Spaghetti Squash Carbonara with Peas
“I received free samples of Libby’s new Vegetable Pouches mentioned in this post. By posting this recipe I am entering a recipe contest sponsored by Libby’s and am eligible to win prizes associated with the contest. I was not compensated for my time.”
I am the queen of overcomplicating things.
I always make things more involved than they need to be. This applies to all aspects of my life, although it happens to come up mostly when I’m preparing food. The recipe has to feature the least findable ingredients, or I HAVE to try a new lengthy cooking technique, or the dish has to be the way I first imagined it, even if the time saving way would be just as good.

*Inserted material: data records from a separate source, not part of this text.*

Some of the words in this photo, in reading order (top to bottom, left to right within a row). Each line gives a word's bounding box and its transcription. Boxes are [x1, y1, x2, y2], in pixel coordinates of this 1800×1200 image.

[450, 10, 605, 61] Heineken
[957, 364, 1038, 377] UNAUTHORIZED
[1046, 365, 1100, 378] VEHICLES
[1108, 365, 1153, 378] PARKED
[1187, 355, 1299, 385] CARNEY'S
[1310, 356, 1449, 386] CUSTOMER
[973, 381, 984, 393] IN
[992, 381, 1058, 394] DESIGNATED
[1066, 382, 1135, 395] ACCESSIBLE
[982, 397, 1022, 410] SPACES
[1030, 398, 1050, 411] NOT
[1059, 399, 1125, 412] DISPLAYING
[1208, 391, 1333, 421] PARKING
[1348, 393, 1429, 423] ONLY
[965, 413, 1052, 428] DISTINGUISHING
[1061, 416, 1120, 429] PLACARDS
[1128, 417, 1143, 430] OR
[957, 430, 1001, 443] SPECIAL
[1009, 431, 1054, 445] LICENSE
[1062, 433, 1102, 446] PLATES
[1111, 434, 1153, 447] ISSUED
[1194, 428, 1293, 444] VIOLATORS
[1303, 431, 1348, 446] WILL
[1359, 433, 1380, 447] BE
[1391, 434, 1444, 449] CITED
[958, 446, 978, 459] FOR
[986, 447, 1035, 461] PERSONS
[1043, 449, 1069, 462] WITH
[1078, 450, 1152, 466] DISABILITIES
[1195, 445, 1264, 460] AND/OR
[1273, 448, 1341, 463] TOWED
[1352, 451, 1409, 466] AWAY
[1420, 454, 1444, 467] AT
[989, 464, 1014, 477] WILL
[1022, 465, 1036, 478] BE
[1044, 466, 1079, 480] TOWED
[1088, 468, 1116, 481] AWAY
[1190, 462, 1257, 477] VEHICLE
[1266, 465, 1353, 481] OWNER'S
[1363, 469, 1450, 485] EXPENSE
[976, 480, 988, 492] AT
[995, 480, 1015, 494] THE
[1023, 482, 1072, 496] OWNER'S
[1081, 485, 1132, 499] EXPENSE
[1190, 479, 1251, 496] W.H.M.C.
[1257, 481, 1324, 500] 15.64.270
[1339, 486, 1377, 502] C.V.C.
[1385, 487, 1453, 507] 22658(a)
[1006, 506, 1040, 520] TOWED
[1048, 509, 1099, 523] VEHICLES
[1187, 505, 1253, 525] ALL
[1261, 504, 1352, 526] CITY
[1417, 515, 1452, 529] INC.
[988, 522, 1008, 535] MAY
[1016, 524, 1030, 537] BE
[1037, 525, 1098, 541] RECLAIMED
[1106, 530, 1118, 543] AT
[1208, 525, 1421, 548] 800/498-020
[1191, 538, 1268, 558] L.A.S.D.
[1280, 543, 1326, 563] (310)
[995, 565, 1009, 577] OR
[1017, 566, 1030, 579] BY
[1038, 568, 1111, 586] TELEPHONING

Sometimes this works out, but really, most of the time it just makes things less convenient for me (surprise?).
Does this sound like you? Or, are you a big fan of making everything as simple and easy as possible, whenever possible? Either way, I think I have something you might like.
For the final sponsored contest of the year, Libby’s kindly sent the Recipe Redux bloggers some free samples of their new vegetable packets! The packets will be in stores starting in January, and I’m loving them for a few reasons. They’re precooked, packed in water without preservatives, easier to open and faster to use than canned veggies, and the packages fit nice and cozy into my packed kitchen cabinets! Ahhh, city living. Plus, because they’re precooked, they can be added to any dish in a snap!
Originally, when I read that we would be working with precooked veggies, my mind (as per usual) glazed over the entire point and went straight to recipe ideas that were complicated and involved. But, like I said, that was the opposite of the point. These veggies can be used to accomplish a quick, easy dish – so they should be! So, I made a lower-carb version of a dish many of us know and love: pasta carbonara. Or should I say, LOW-CARBonara. Heh. Dad jokes.
Spaghetti squash is an incredible, low-calorie alternative for pasta if you’re trying to watch your carbs. You don’t taste much of a difference when sauce is inolved, and the texture is shockingly similar. In fact, when roasted with some olive oil and seasoning, spaghetti squash has even MORE flavor than pasta. Whaaaaat? Mind blown.
While traditional carbonara is just made with parmesan, eggs, and bacon, I have had it with peas added, and it was oh so delicious. So, I threw a whole packet of Libby’s peas in there. Woops 😉 It was delicious, and I felt pretty good having snuck even MORE vegetables into the dish. It’s actually not that sneaky (in fact, it’s pretty obvious that the peas are there), but they make the dish even better. I promise!
The only thing about this dish that requires any type of “waiting” is the squash. Spaghetti squash only takes about a half an hour to cook, but if you want to make this dish EVEN quicker, prep and shred your spaghetti squash ahead of time, and store it in the fridge for a day or two before using. If you prepare the squash prior to cooking, all you have to do is reheat the squash when you’re ready, and the dish will take you about 10 minutes from start to finish. Pretty great, huh? Be sure though, that no matter what preparation you choose, that you drain the squash “noodles” well before mixing them into the sauce. Otherwise, the sauce may become a bit watery.
- 1 large spaghetti squash
- Olive oil
- Salt and pepper
- 6 oz. thick cut uncooked bacon, chopped
- 2 shallots, diced
- 1 1/2-2 tsp. crushed garlic
- 1 pouch Libby's peas, drained and rinsed
- 2 eggs, beaten
- 1 cup grated parmigiano reggiano cheese, plus extra for serving
- Pepper, to taste
- 2 tbs. Fresh Italian parsley, chopped
- Ahead of time, prepare the squash. Preheat oven to 400˚F.
- Cut the squash in half lengthwise and thoroughly remove seeds.
- Drizzle flesh with olive oil and season liberally with salt and pepper.
- Turn the squash flesh side down. Bake for about 25-30 minutes, or until flesh is easily shredded with a fork.
- Remove flesh and store in refrigerator if not planning to use immediately.
- Add chopped bacon to a pan over medium heat.
- Once mostly cooked through, add garlic and shallots to pan.
- Once bacon is crispy, remove from heat, and add peas to the pan.
- Combine cheese and egg in a separate bowl.
- If spaghetti squash has been prepared ahead of time or has cooled, reheat squash until very hot. Drain.
- Toss squash into the pan with the bacon and pea mixture.
- Transfer contents to a serving bowl, and toss with cheese and egg mixture, thoroughly tossing to ensure the egg mixture cooks and the cheese melts.
- Season with pepper as desired.
- Serve with chopped parsley and more shredded parmigiano.